Records provided:

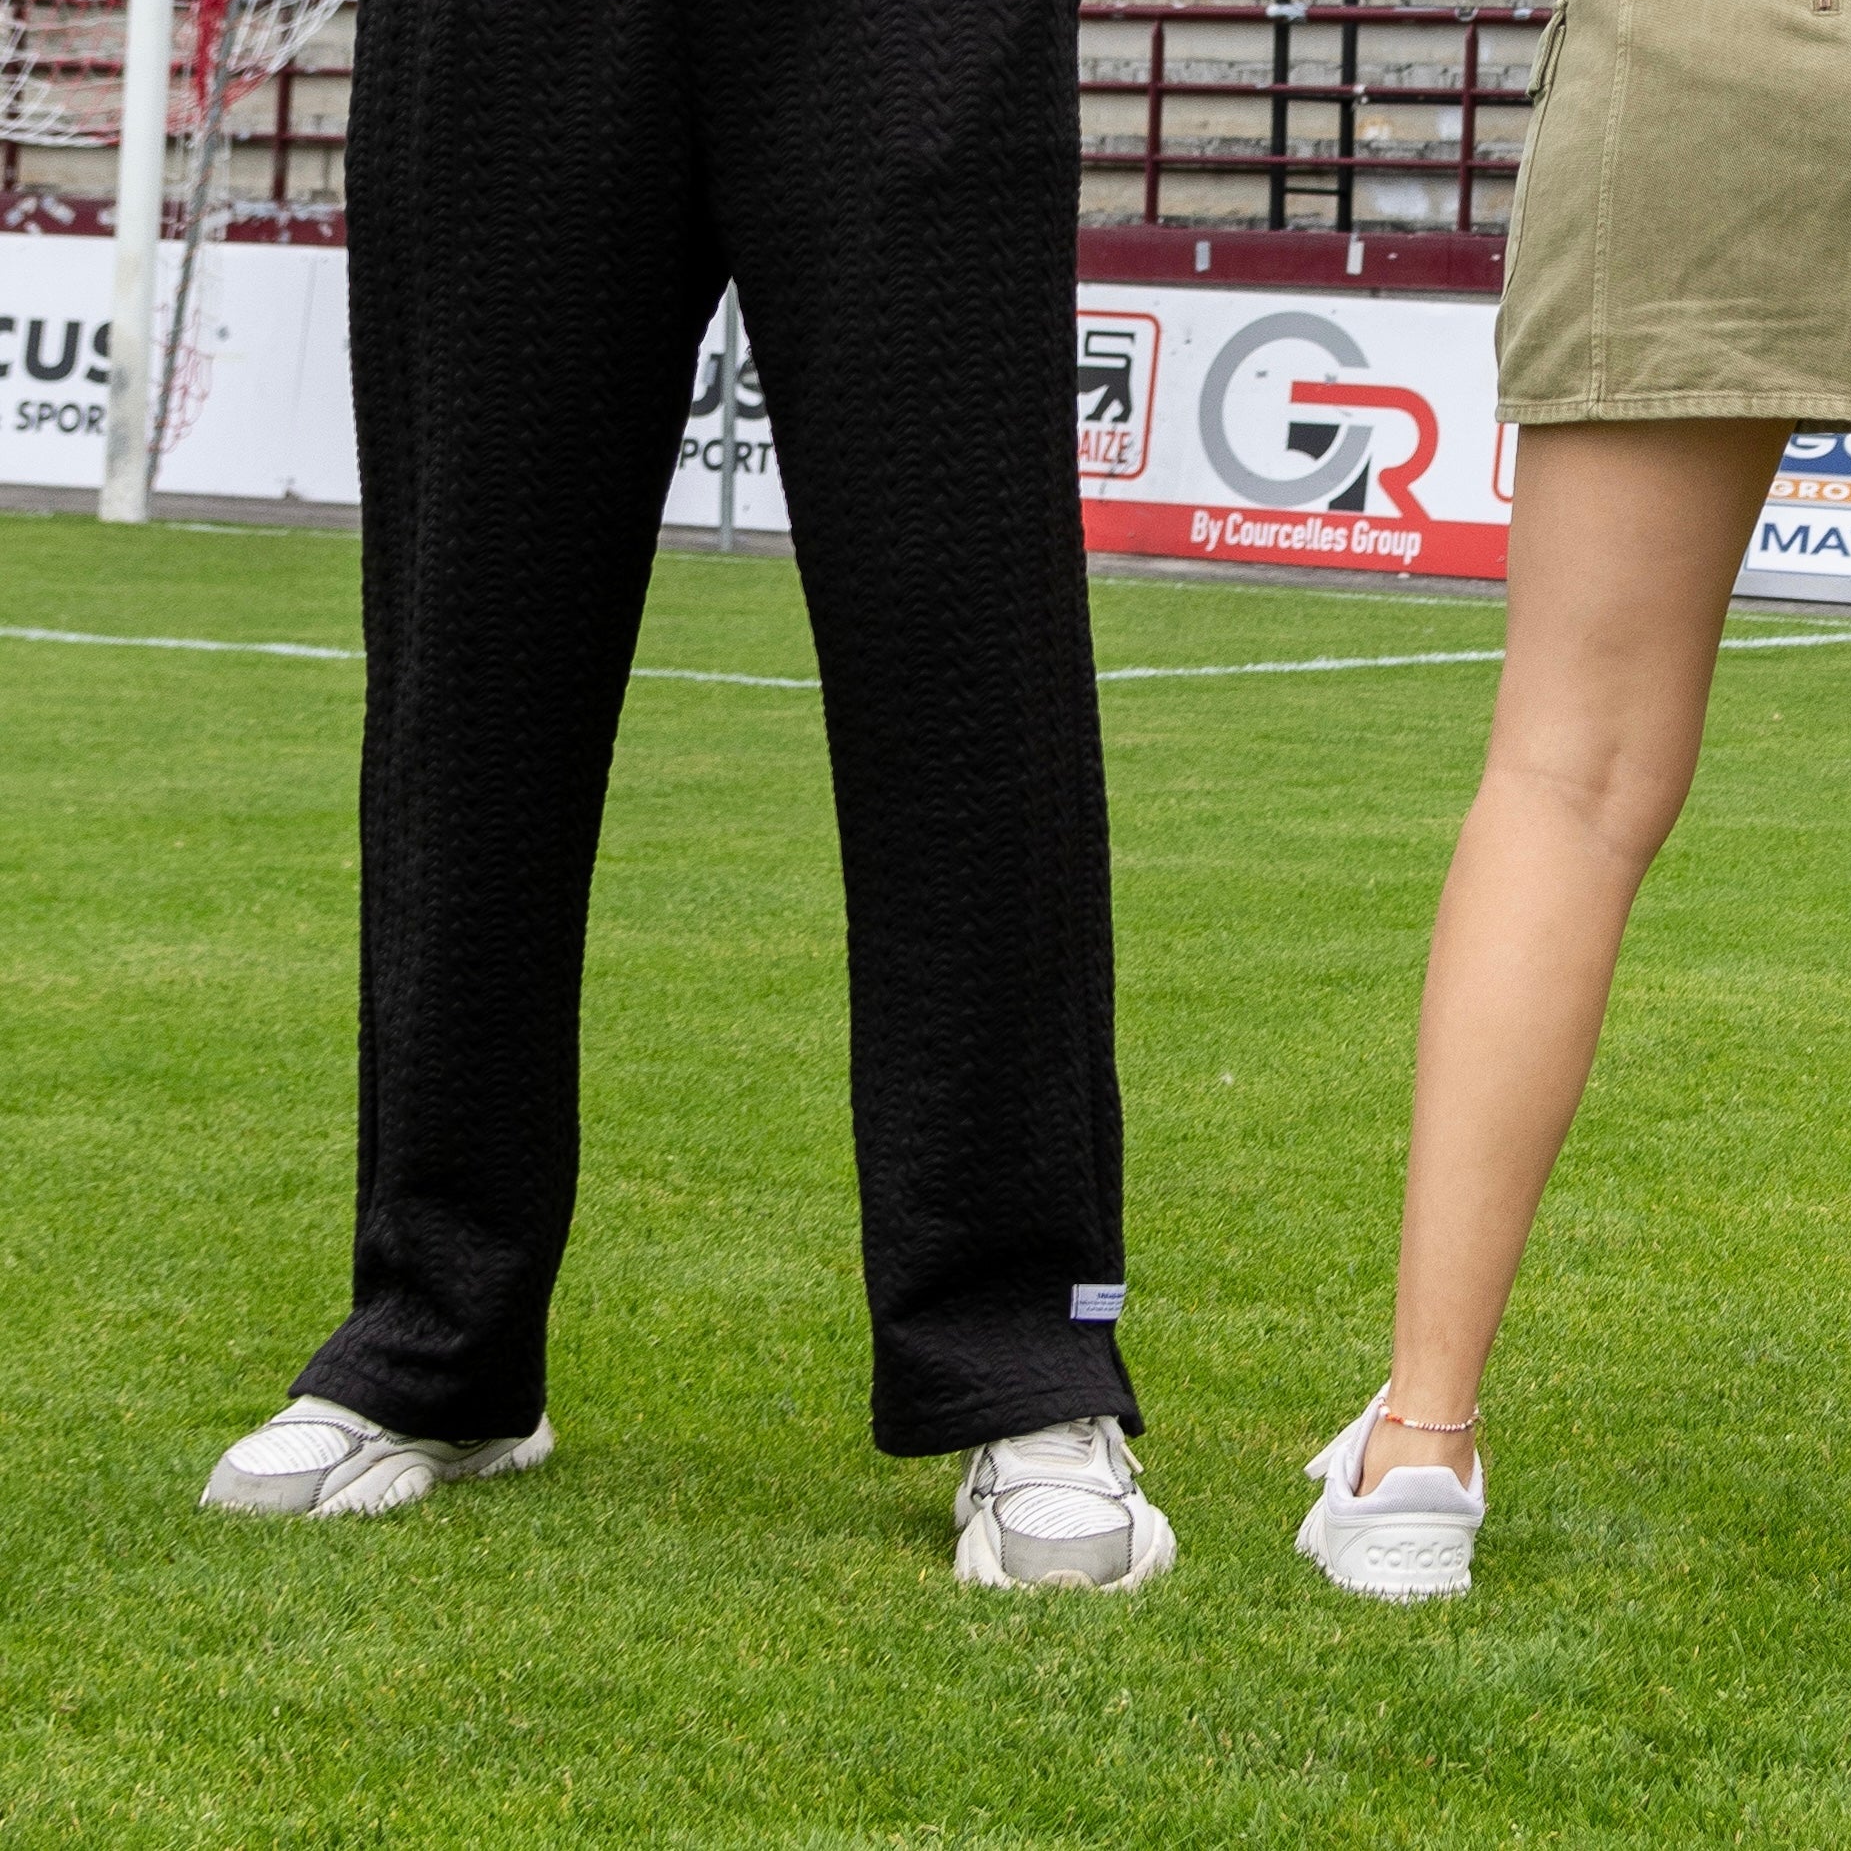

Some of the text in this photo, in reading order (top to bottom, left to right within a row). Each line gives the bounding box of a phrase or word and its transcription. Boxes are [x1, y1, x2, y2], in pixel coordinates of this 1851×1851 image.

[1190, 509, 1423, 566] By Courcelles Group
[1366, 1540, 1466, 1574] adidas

--

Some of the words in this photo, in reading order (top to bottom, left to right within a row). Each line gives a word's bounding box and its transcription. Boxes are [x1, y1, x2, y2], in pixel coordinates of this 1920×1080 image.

...

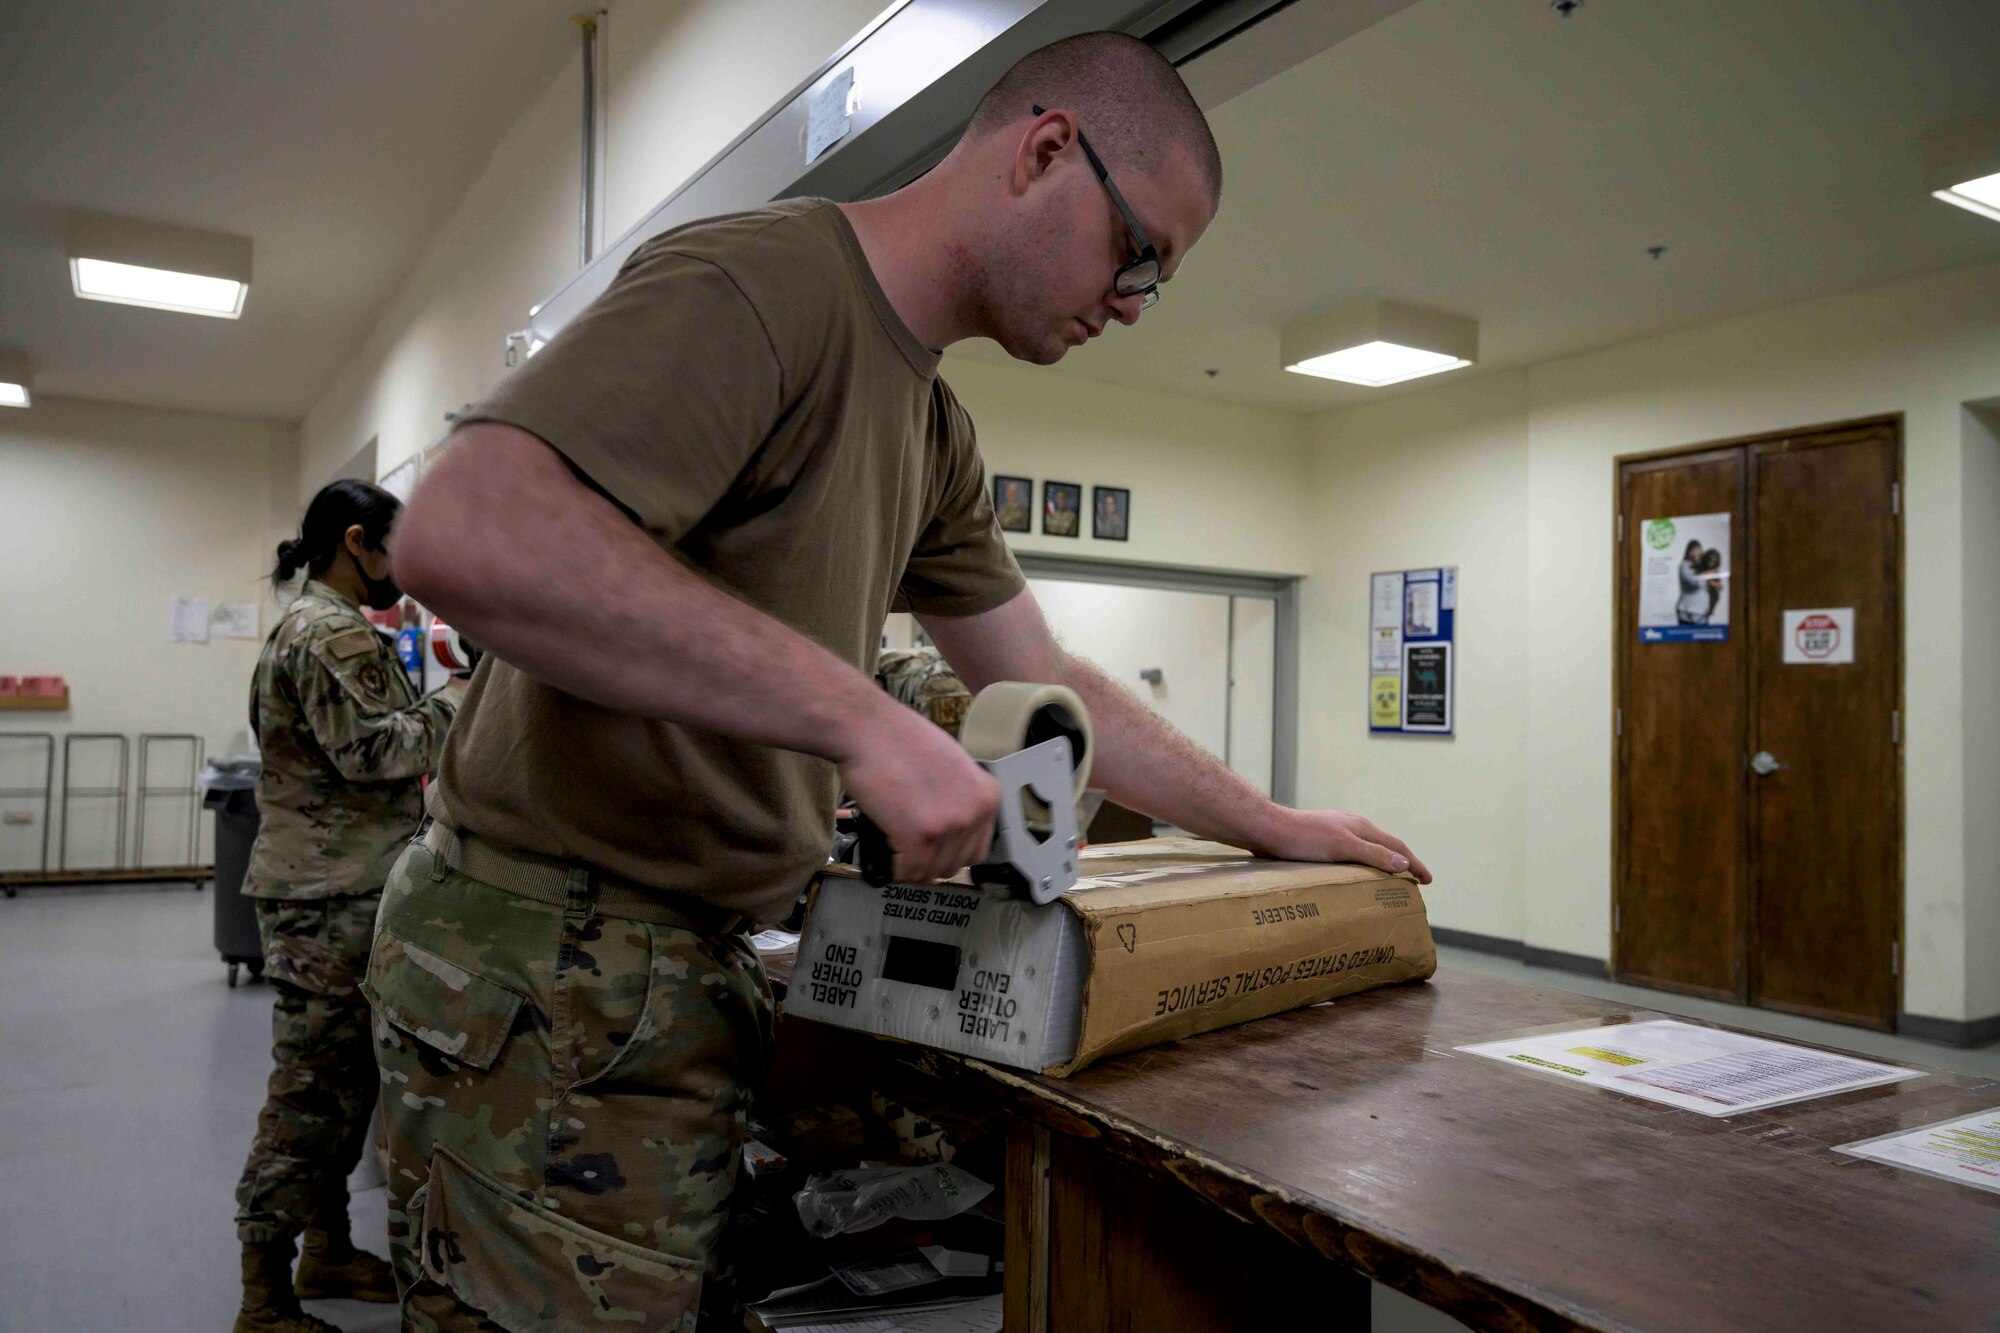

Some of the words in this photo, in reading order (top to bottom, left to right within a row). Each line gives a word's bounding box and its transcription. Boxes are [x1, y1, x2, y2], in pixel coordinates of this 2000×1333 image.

Exercise requirements:
Bring together all lines from the listing that contain the word "words".

Result:
Some of the words in this photo, in reading order (top to bottom, left to right within a row). Each line gives a word's bounding box and its transcription. Boxes are [x1, y1, x2, y2], in pixel coordinates of this 1920×1080 image.
Some of the words in this photo, in reading order (top to bottom, left to right within a row). Each line gives a word's bounding box and its transcription. Boxes are [x1, y1, x2, y2], in pixel coordinates of this 2000×1333 image.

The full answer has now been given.